“You don’t mean to say,” they gasped, “that you are going to guarantee to cut twenty-five hours off the running time between Chicago and the Pacific coast?”

“We are going to run the new train through in five hours less time than our fastest train today.”

“Five dollars an hour! That’s going some!” whistled railroad Chicago.

“Five dollars an hour—nothing!” replied the Santa Fé. “We are going to charge for luxury—not for speed. We are going to charge folks eighty-five dollars for the ride between Chicago and San Francisco instead of the standard price of sixty dollars; and we are going to have them standing in line for the privilege of doing it! They will come home and boast of having ridden on that train just as folks come home from across the Atlantic and boast of the great hotels that have housed them in Europe. You never hear a man brag of having ridden in a tourist-sleeper.”

The Santa Fé was right. It gauged human nature successfully. Its de luxe train at twenty-five dollars excess fare has become a weekly feature between Chicago and the Pacific coast the entire winter long. Its chief rival has also installed an excess-fare train—in connection with its feeding lines, the North Western and the Southern Pacific. This train runs daily the year round and so charges but ten dollars excess fare between Chicago and San Francisco. But in the case of neither of these trains do they refund fare-excess in case of delay. They feel that the two big passenger roads of the East made a distinct mistake when they established that basic principle.
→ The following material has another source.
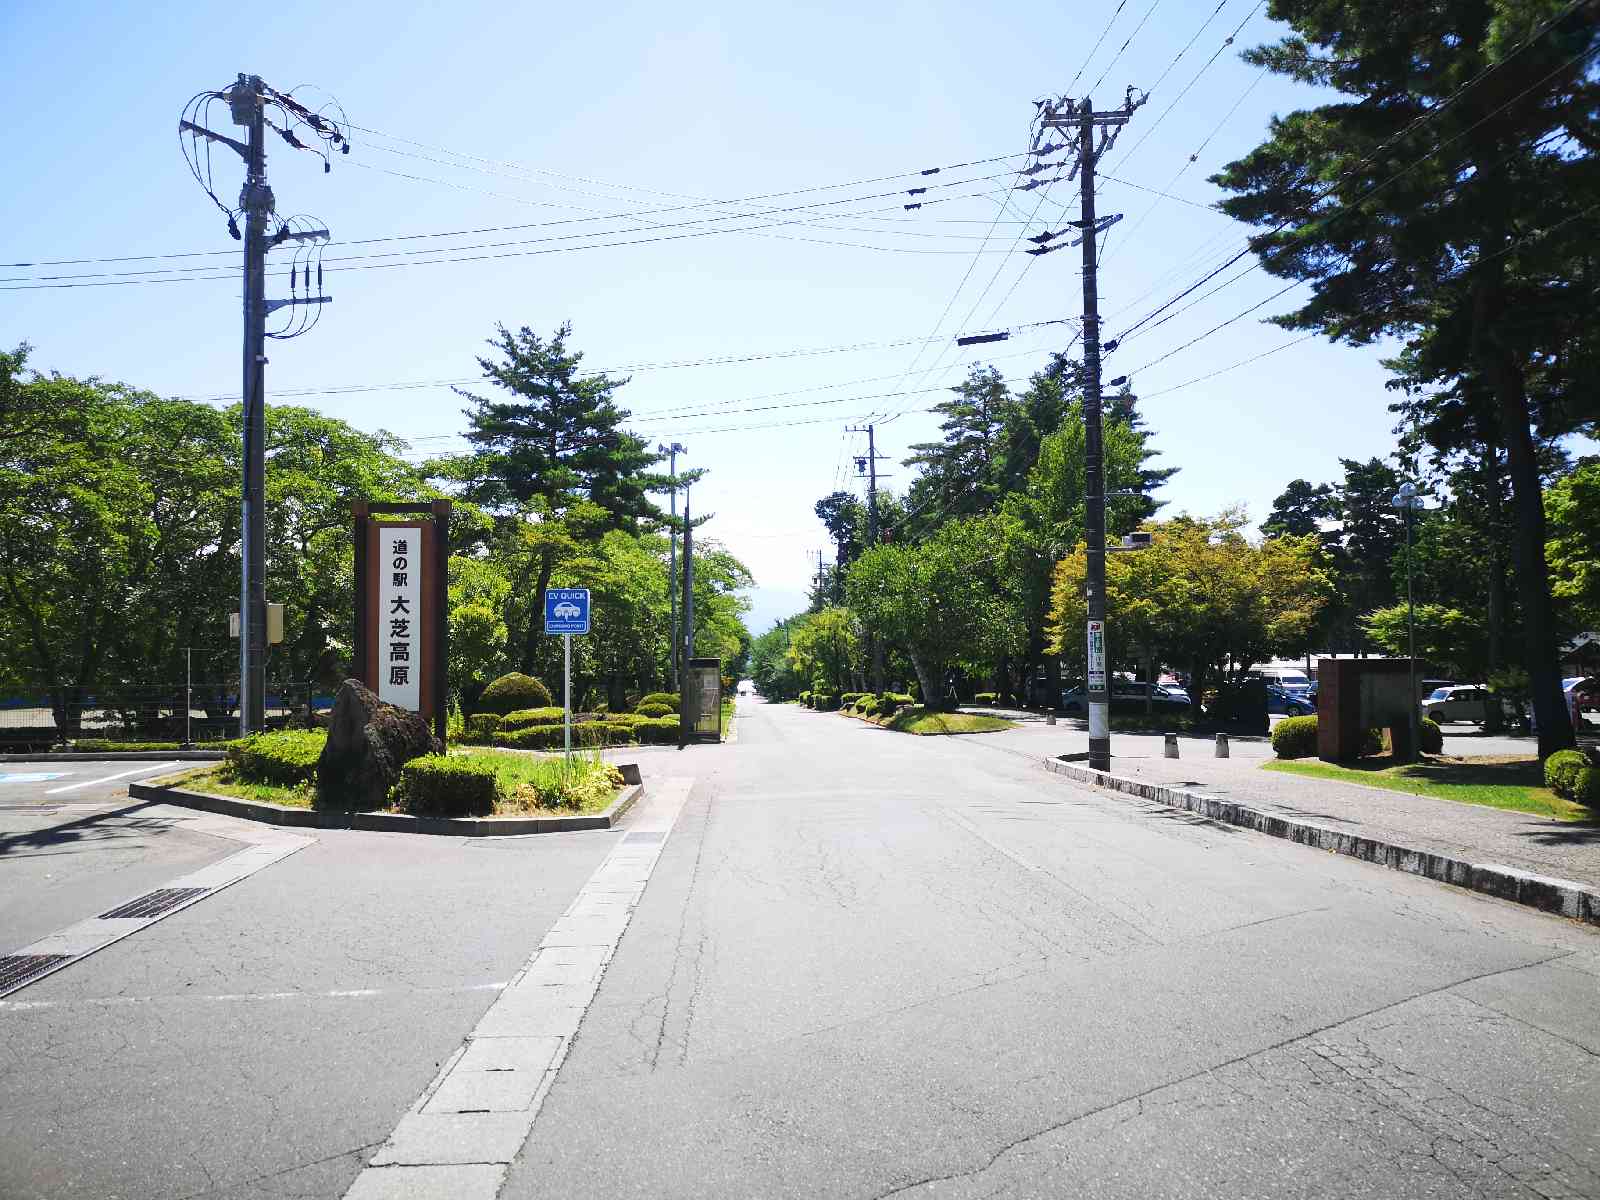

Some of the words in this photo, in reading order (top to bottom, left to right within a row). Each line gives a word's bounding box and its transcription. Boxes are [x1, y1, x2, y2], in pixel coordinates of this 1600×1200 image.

[392, 539, 408, 587] 道の駅
[548, 592, 559, 600] EV
[560, 592, 586, 600] QUICK
[389, 595, 410, 685] 大芝高原
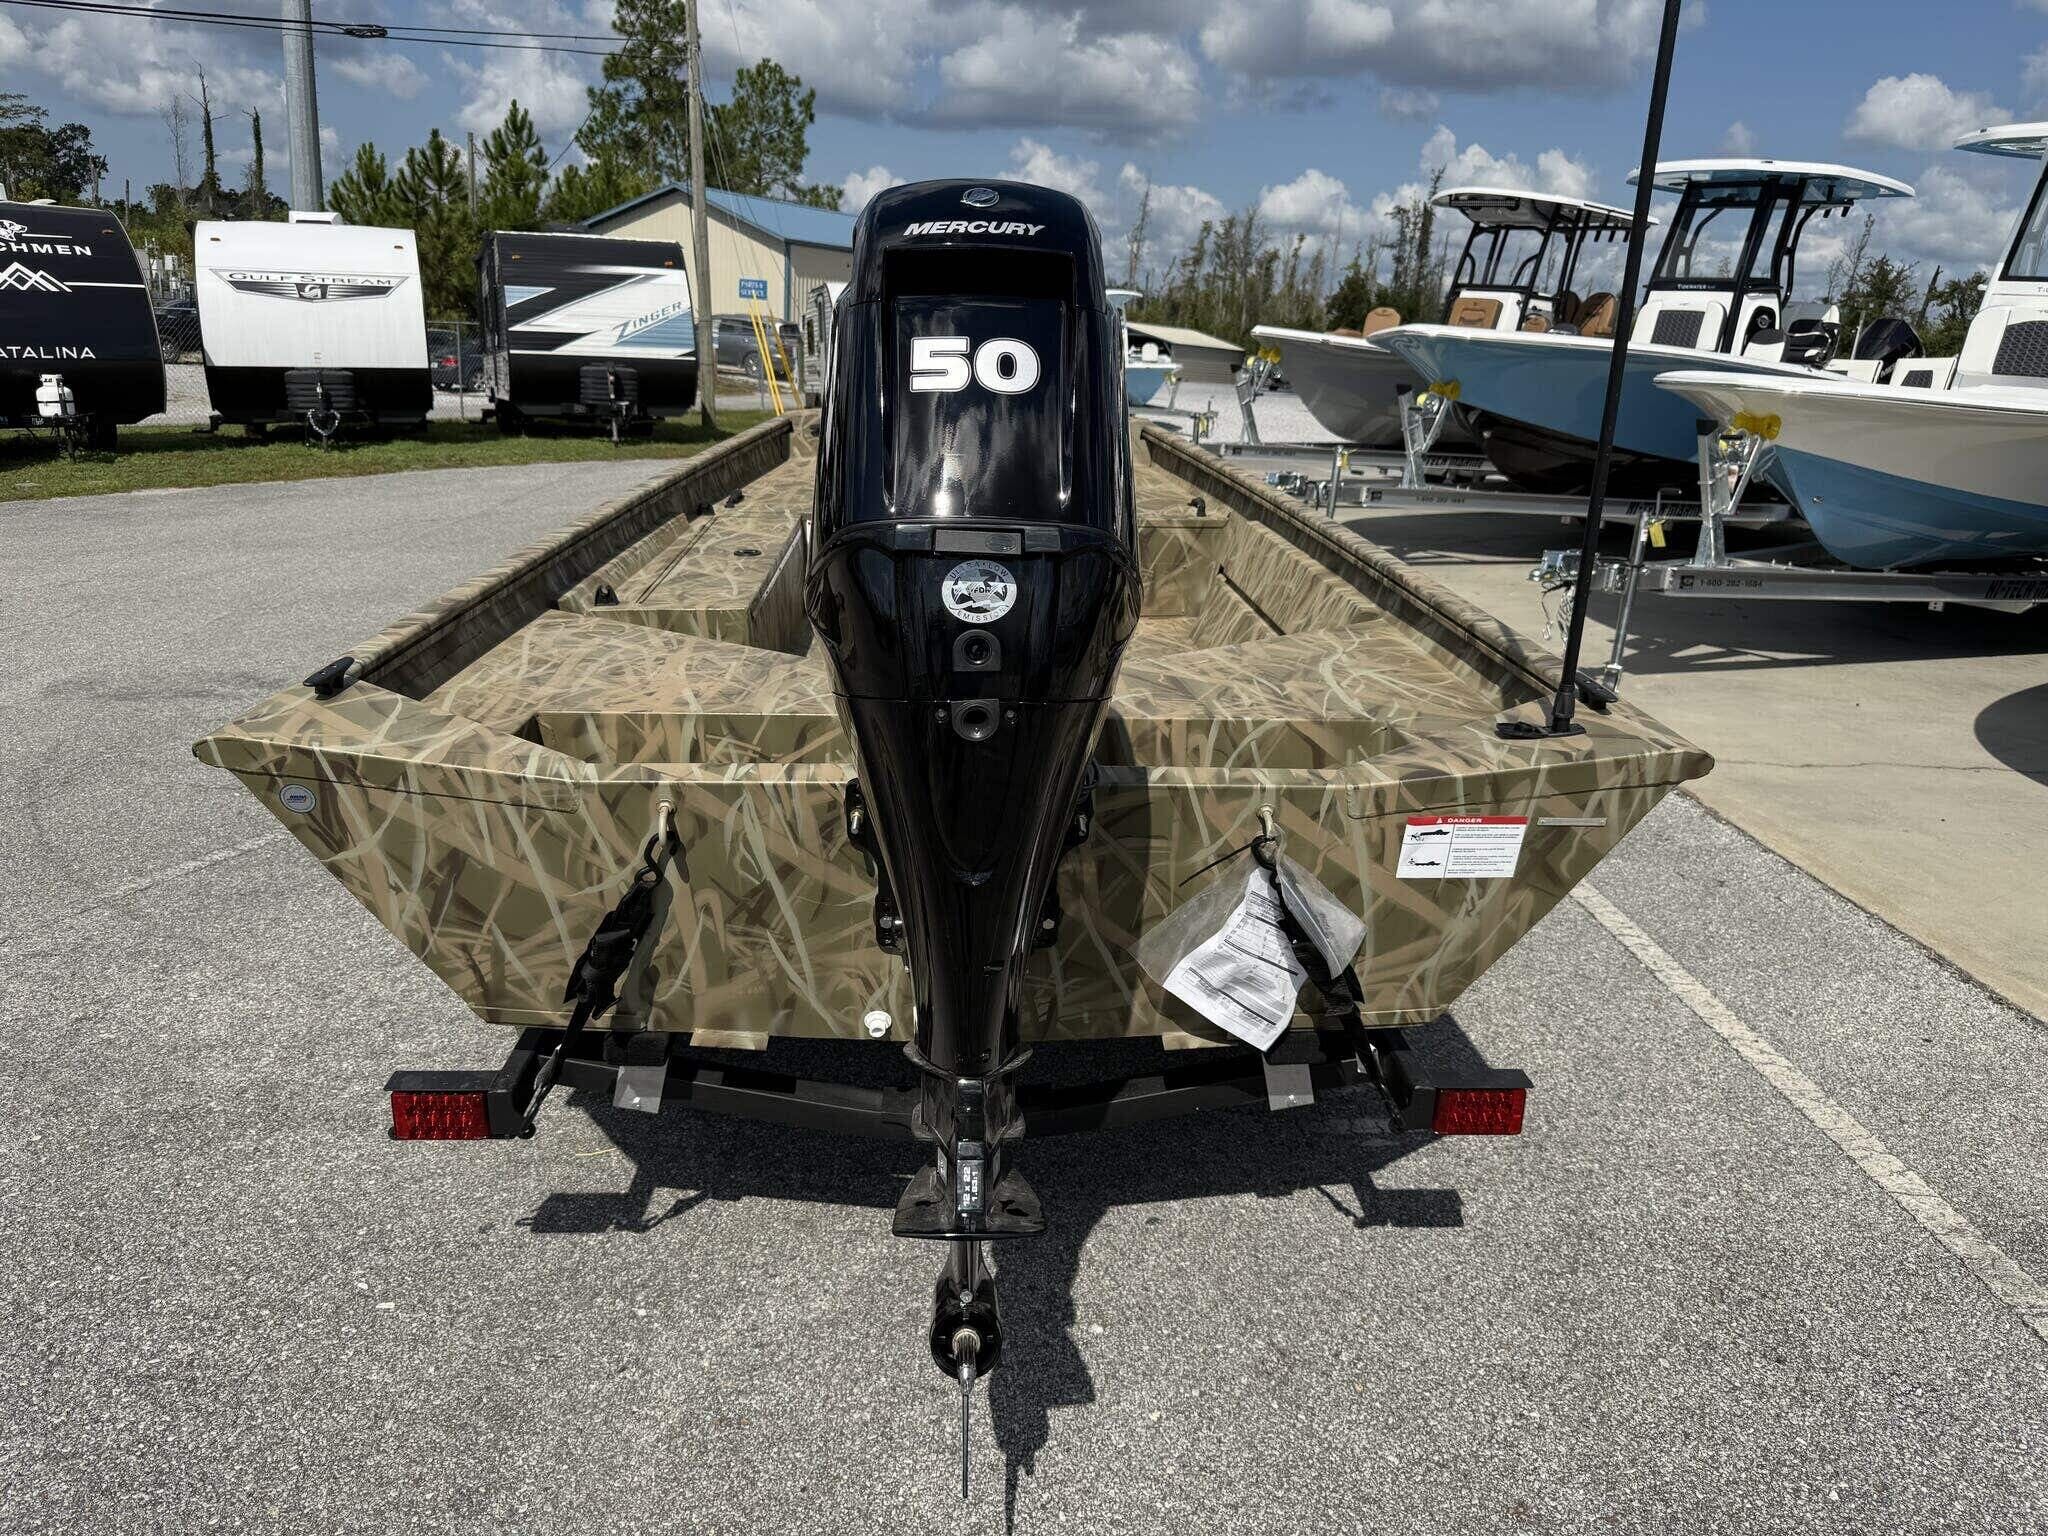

Truth to tell, America these days is bathed in luxury. America stands ready to pay the price; but America demands the service.[16] And the lesson of the excess-fare trains is one that the railroader who thinks as he reads may well take to heart. Some of them are giving it consideration already. One big road has had for some time past under advisement a scheme by which it would make a ticket charge of one-half cent a mile extra for those of its passengers who chose to ride in sleeping or parlor cars. In this way it would compensate itself for the lack of any portion of the Pullman Company’s direct revenue.


A certain big railroader out in the Middle West has very determined opinions in regard to the possibility of the passenger end of the railroad receipts being increased. Like many of the big operating men he affects a small regard for the passenger service. And this despite the fact that if you touch the average railroader, big or little, upon his tenderest spot, his pride in his property, he will talk to you in glowing terms of the “Limited,” the road’s biggest and fastest show train—showy from the barber shop and the bath in her buffet car, to the big brass-railed observation platform at the rear. He will not talk to you at length of his freight trains, but he will prate unceasingly of Nineteen’s “record”—how she ran ninety-eight per cent on time last month, a good showing for a train scheduled to make her thousand miles or so well inside of twenty-four hours.

This big railroader of the Middle West does not, however, take your time in mere boasting of his operating record. He comes to cases, and comes quickly—to the question of increased passenger rates when our present flood tide of traffic has descended to the normal.

“See here,” he tells you when you are seated in his big, comfortable office, “here are the figures. They speak for themselves. Take New York, for instance. There were 120,750 commuters entering and leaving that big town each business day last year. With an average ride of fourteen miles for each commuter, we have a total passenger mileage of 1,014,300,000 miles in that metropolitan district. The passenger traffic from New York westward to Chicago and beyond in the same time was 234,482 passengers. Multiply these by the average rail distance between the two cities, 960 miles, and you have another 225,083,520 passenger-miles. Now to this add 163,620 commercial travelers, each riding an estimated average of fifty miles a day—2,454,300,000 miles for these—and you have a total of 3,693,683,520 miles—or approximately ten and a half per cent of the passenger miles on our steam railroads last year. This ten and a half per cent of the passenger travel was participated in by 518,832 persons—a little bit more than one-half of one per cent of the total population of the country. If this rule holds good it follows that five and three-tenths per cent of the population of the United States, or 5,194,000, received in an average year all the benefits of the passenger-carrying establishment of the railroads.